Text-to-region grounding data

- - - - -

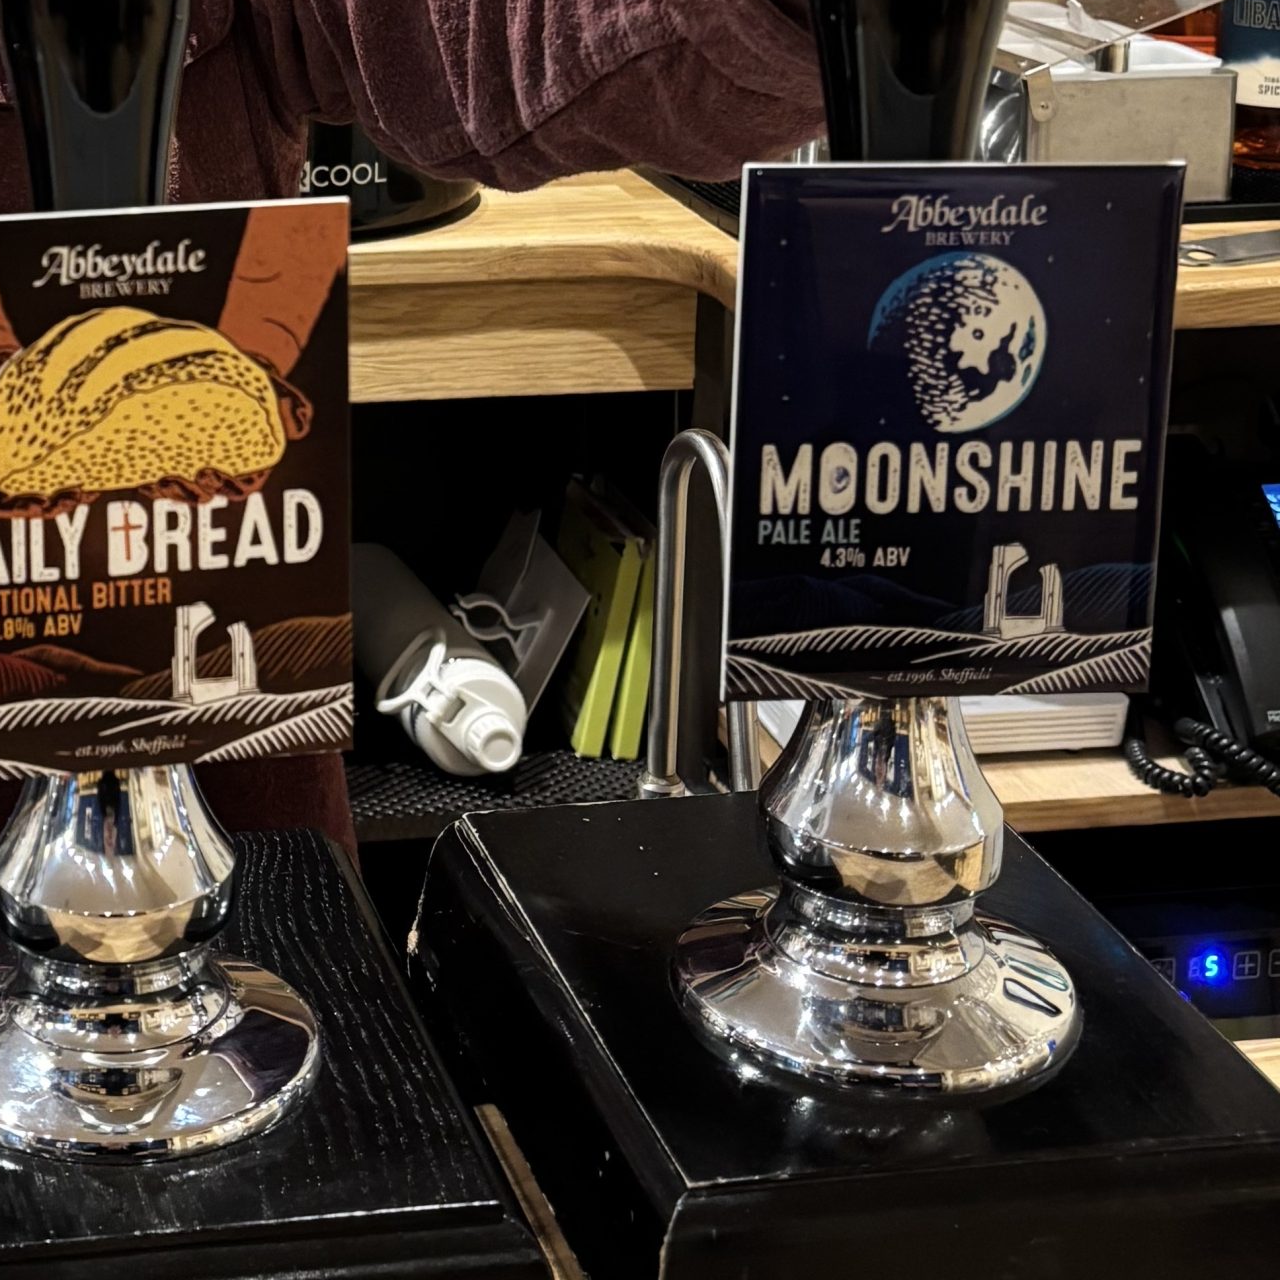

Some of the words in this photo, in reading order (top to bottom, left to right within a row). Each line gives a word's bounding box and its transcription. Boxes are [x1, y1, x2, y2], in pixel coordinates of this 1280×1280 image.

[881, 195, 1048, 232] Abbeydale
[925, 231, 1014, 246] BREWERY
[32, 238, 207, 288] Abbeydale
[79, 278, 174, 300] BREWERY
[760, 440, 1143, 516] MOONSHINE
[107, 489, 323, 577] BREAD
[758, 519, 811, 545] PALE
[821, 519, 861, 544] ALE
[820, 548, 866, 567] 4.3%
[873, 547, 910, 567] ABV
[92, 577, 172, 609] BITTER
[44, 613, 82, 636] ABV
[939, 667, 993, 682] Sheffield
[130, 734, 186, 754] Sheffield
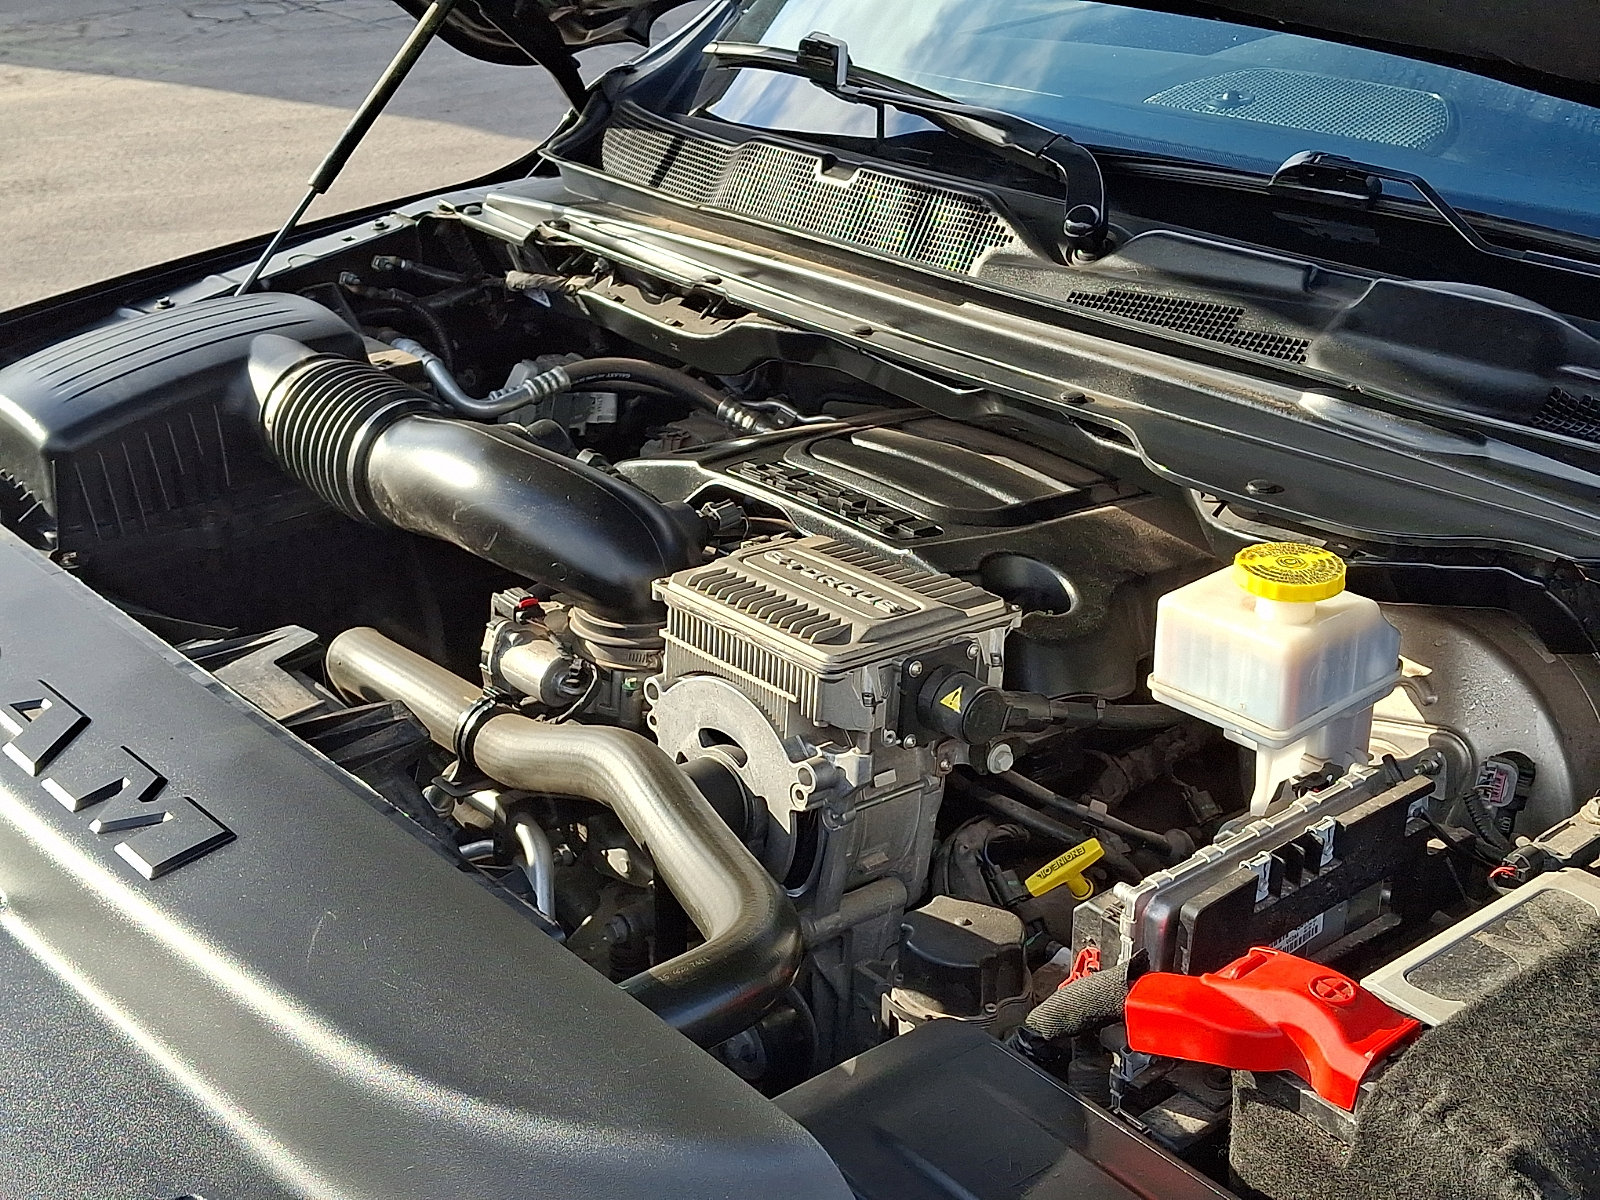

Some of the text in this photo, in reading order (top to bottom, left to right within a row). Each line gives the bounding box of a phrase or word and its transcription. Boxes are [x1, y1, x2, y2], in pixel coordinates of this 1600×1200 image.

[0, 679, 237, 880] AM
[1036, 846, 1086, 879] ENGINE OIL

- - - - -

» **WHAT IS BEING ASKED**
Output the records above verbatim. Pictures stay out.

» **RESPONSE**
Some of the words in this photo, in reading order (top to bottom, left to right within a row). Each line gives a word's bounding box and its transcription. Boxes are [x1, y1, x2, y2], in pixel coordinates of this 1280×1280 image.

[881, 195, 1048, 232] Abbeydale
[925, 231, 1014, 246] BREWERY
[32, 238, 207, 288] Abbeydale
[79, 278, 174, 300] BREWERY
[760, 440, 1143, 516] MOONSHINE
[107, 489, 323, 577] BREAD
[758, 519, 811, 545] PALE
[821, 519, 861, 544] ALE
[820, 548, 866, 567] 4.3%
[873, 547, 910, 567] ABV
[92, 577, 172, 609] BITTER
[44, 613, 82, 636] ABV
[939, 667, 993, 682] Sheffield
[130, 734, 186, 754] Sheffield

Some of the text in this photo, in reading order (top to bottom, left to right within a row). Each line gives the bounding box of a phrase or word and its transcription. Boxes are [x1, y1, x2, y2], in pixel coordinates of this 1600×1200 image.

[0, 679, 237, 880] AM
[1036, 846, 1086, 879] ENGINE OIL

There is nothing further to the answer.